EXERCISE GOAL – Every entry is to be copied exactly as written, and the pictures are to be skipped.

..........

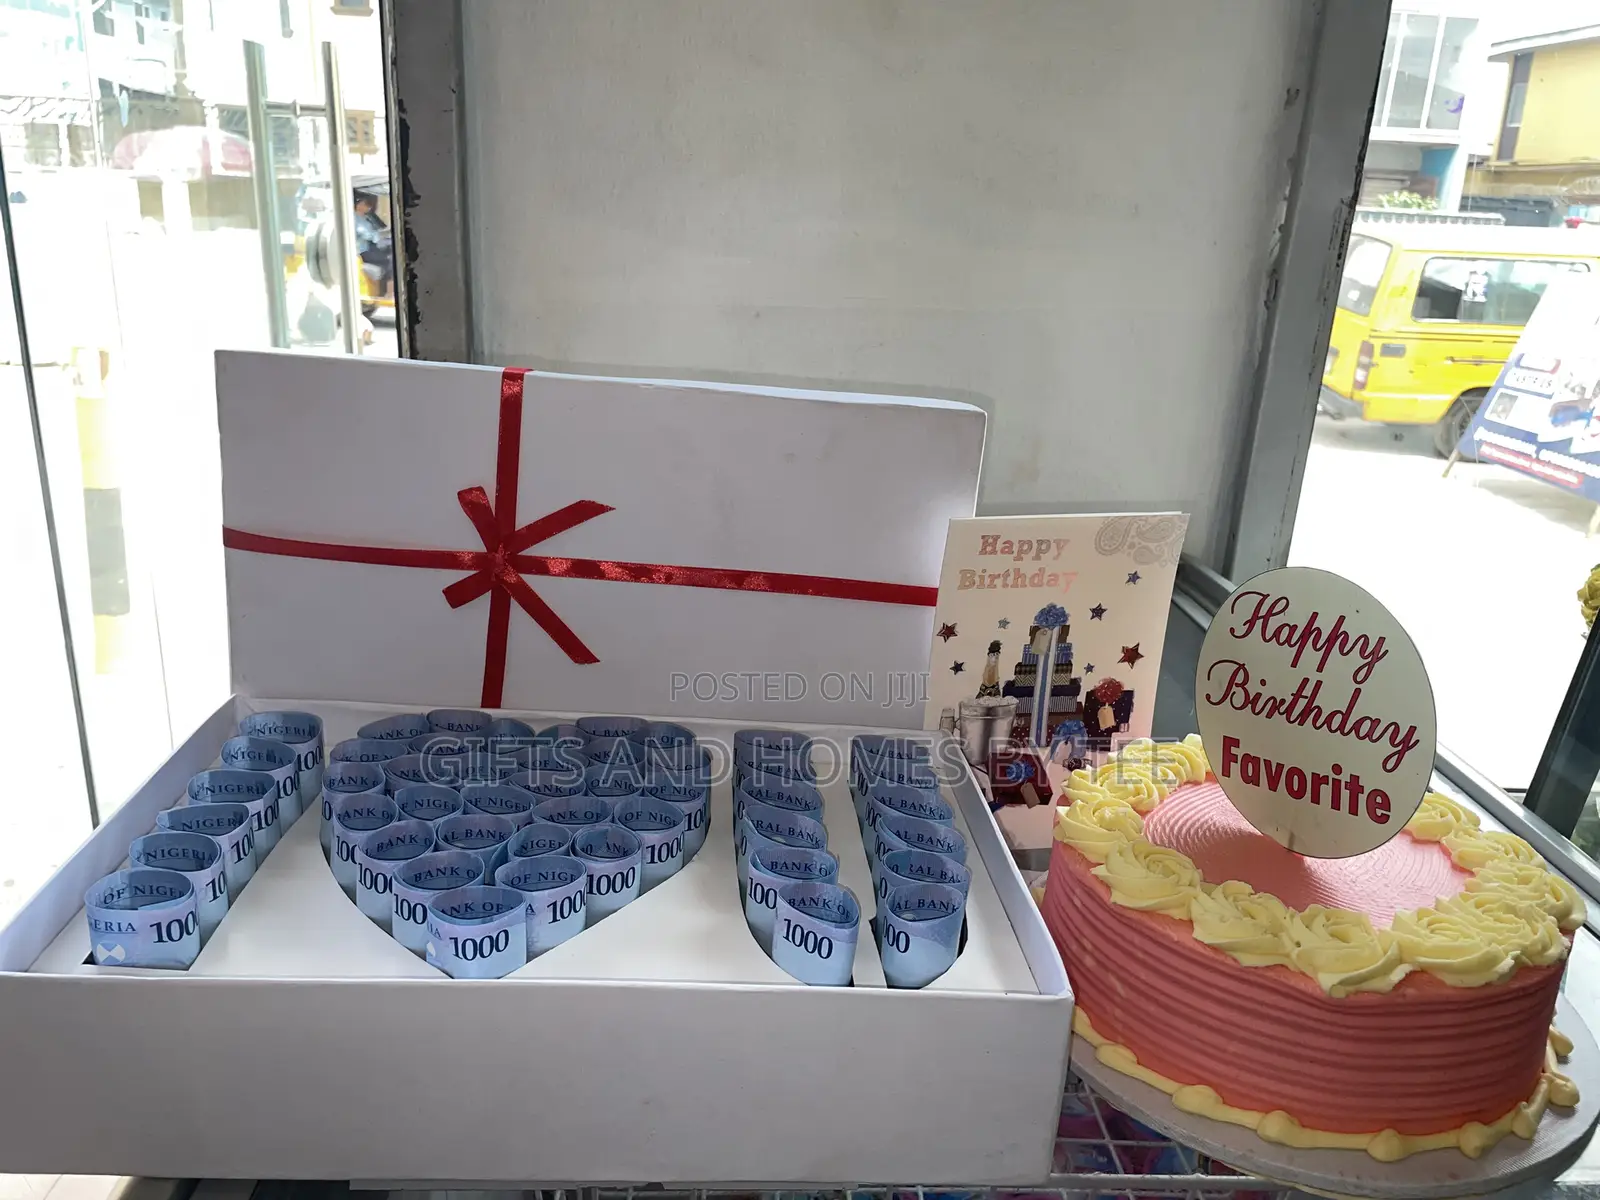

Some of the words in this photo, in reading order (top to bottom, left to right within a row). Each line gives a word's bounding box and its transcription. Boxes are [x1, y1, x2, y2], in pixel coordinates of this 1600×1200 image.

[977, 534, 1071, 561] Happy
[957, 568, 1079, 594] Birthday
[1229, 590, 1389, 685] Happy
[1205, 659, 1420, 773] Birthday
[1221, 735, 1391, 825] Favorite
[901, 799, 936, 817] BANK
[917, 833, 954, 852] BANK
[414, 866, 460, 883] BANK
[771, 860, 814, 873] BANK
[587, 866, 636, 896] 1000
[788, 896, 832, 910] BANK
[449, 928, 510, 962] 1000
[782, 918, 833, 960] 1000

..........

FINISHED TASK –
Some of the words in this photo, in reading order (top to bottom, left to right within a row). Each line gives a word's bounding box and its transcription. Boxes are [x1, y1, x2, y2], in pixel coordinates of this 1600×1200 image.

[977, 534, 1071, 561] Happy
[957, 568, 1079, 594] Birthday
[1229, 590, 1389, 685] Happy
[1205, 659, 1420, 773] Birthday
[1221, 735, 1391, 825] Favorite
[901, 799, 936, 817] BANK
[917, 833, 954, 852] BANK
[414, 866, 460, 883] BANK
[771, 860, 814, 873] BANK
[587, 866, 636, 896] 1000
[788, 896, 832, 910] BANK
[449, 928, 510, 962] 1000
[782, 918, 833, 960] 1000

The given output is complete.